### Exercise prompt
Repeat every entry exactly as it stands. Omit the images.

### Input records
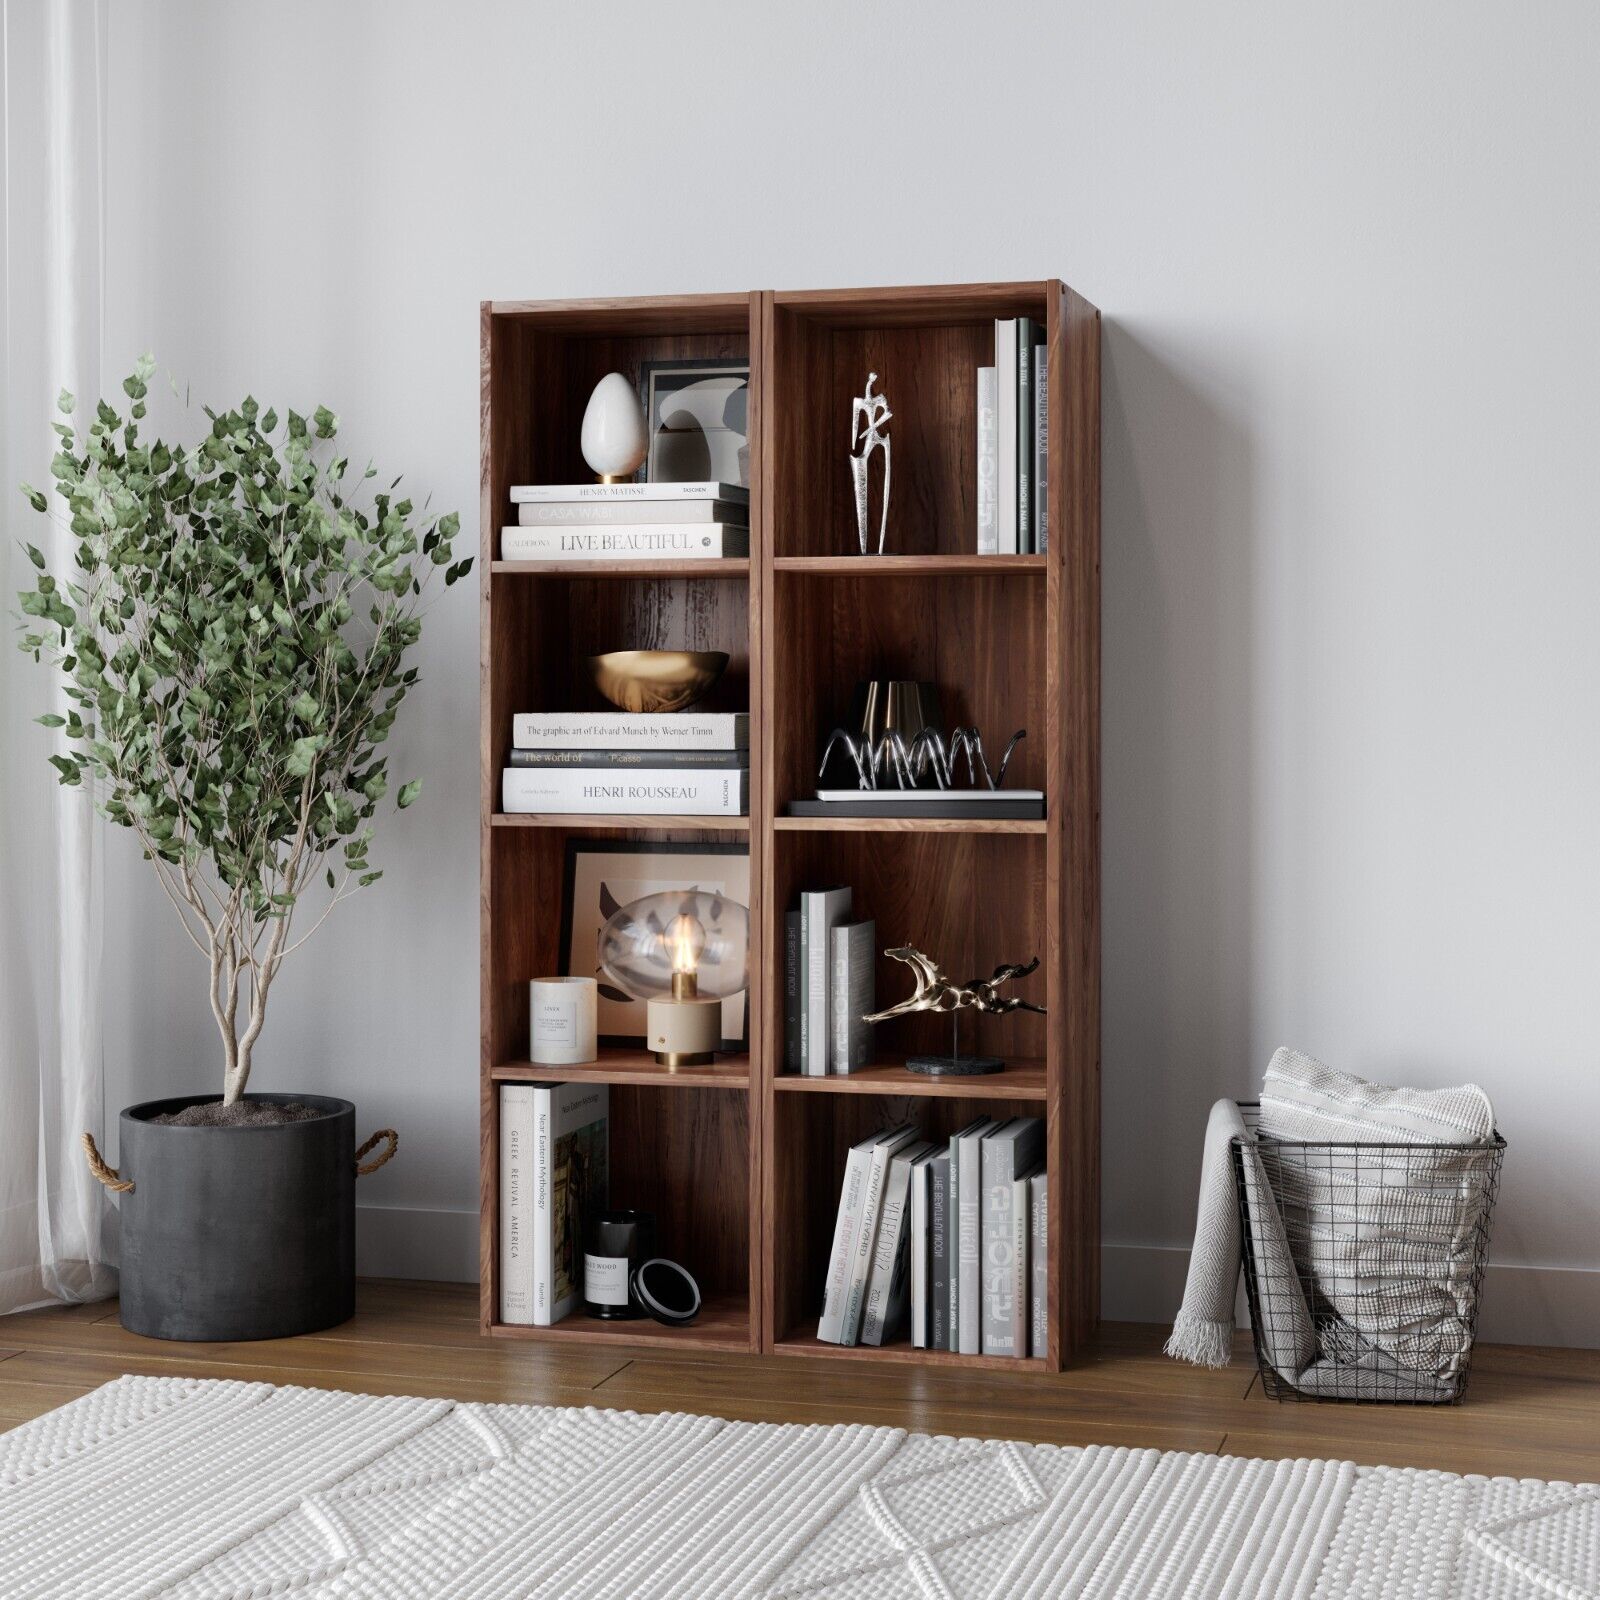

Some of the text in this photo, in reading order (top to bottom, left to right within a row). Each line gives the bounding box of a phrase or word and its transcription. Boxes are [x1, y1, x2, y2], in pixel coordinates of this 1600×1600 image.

[579, 487, 646, 496] HENRY MATISSE
[561, 533, 693, 551] LIVE BEAUTIFUL
[527, 726, 713, 738] The graphic art of Edvard Munch by Werner Timm
[524, 752, 584, 762] The world of
[583, 786, 697, 799] HENRI ROUSSEAU
[538, 1114, 547, 1210] Near Eastern Mythology
[511, 1130, 519, 1259] GREEK REVIVAL AMERICA

### Task answer
Some of the text in this photo, in reading order (top to bottom, left to right within a row). Each line gives the bounding box of a phrase or word and its transcription. Boxes are [x1, y1, x2, y2], in pixel coordinates of this 1600×1600 image.

[579, 487, 646, 496] HENRY MATISSE
[561, 533, 693, 551] LIVE BEAUTIFUL
[527, 726, 713, 738] The graphic art of Edvard Munch by Werner Timm
[524, 752, 584, 762] The world of
[583, 786, 697, 799] HENRI ROUSSEAU
[538, 1114, 547, 1210] Near Eastern Mythology
[511, 1130, 519, 1259] GREEK REVIVAL AMERICA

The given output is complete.